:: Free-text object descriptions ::

----------------

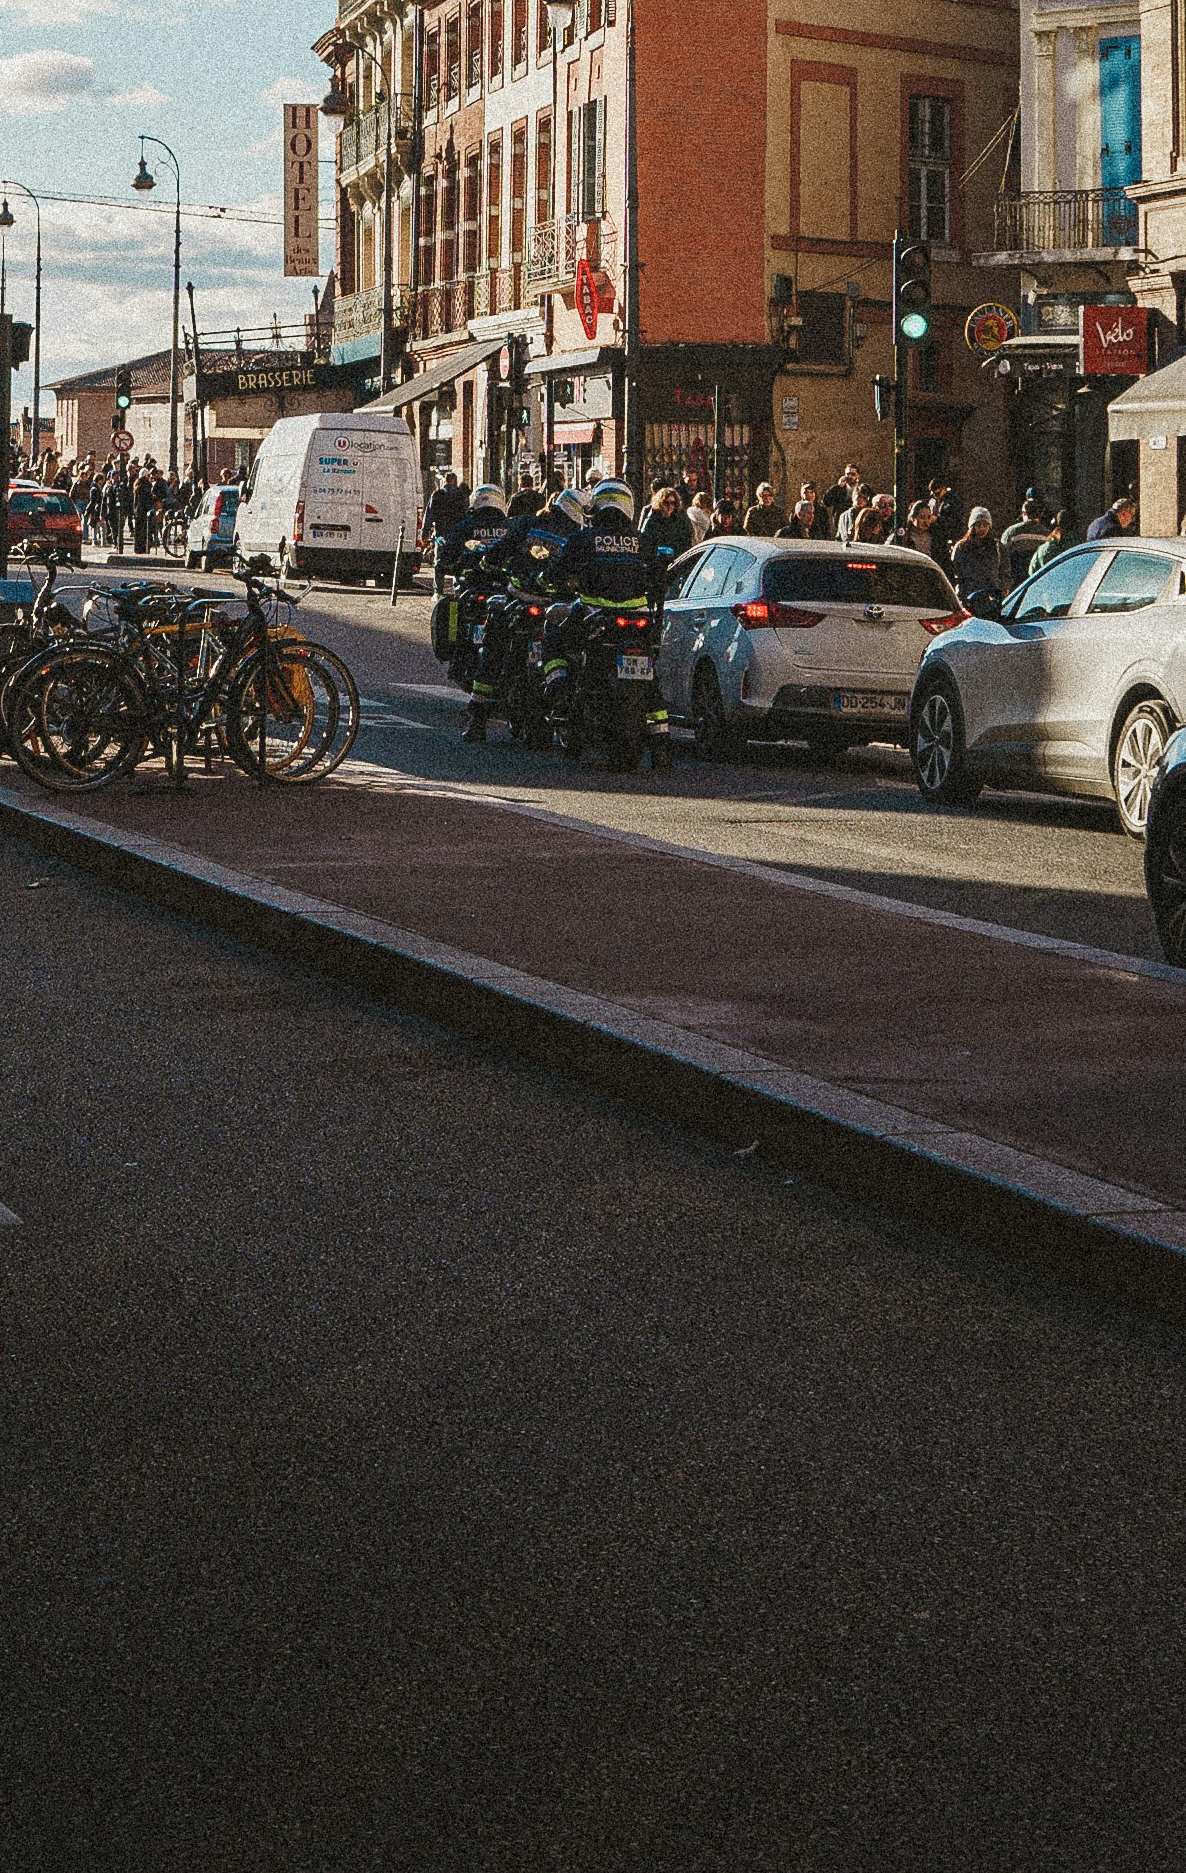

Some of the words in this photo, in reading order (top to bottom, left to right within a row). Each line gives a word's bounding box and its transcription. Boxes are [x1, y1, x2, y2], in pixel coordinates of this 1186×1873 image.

[289, 106, 312, 238] HOTEL
[581, 275, 594, 324] TABAC
[1095, 317, 1135, 348] Vélo
[238, 369, 316, 390] BRASSERIE
[318, 457, 349, 466] SUPER
[595, 535, 640, 546] POLICE

----------------

:: Problem statement ::
Would you write each entry out again exactly, omitting the images?

:: Solution ::
Some of the words in this photo, in reading order (top to bottom, left to right within a row). Each line gives a word's bounding box and its transcription. Boxes are [x1, y1, x2, y2], in pixel coordinates of this 1186×1873 image.

[289, 106, 312, 238] HOTEL
[581, 275, 594, 324] TABAC
[1095, 317, 1135, 348] Vélo
[238, 369, 316, 390] BRASSERIE
[318, 457, 349, 466] SUPER
[595, 535, 640, 546] POLICE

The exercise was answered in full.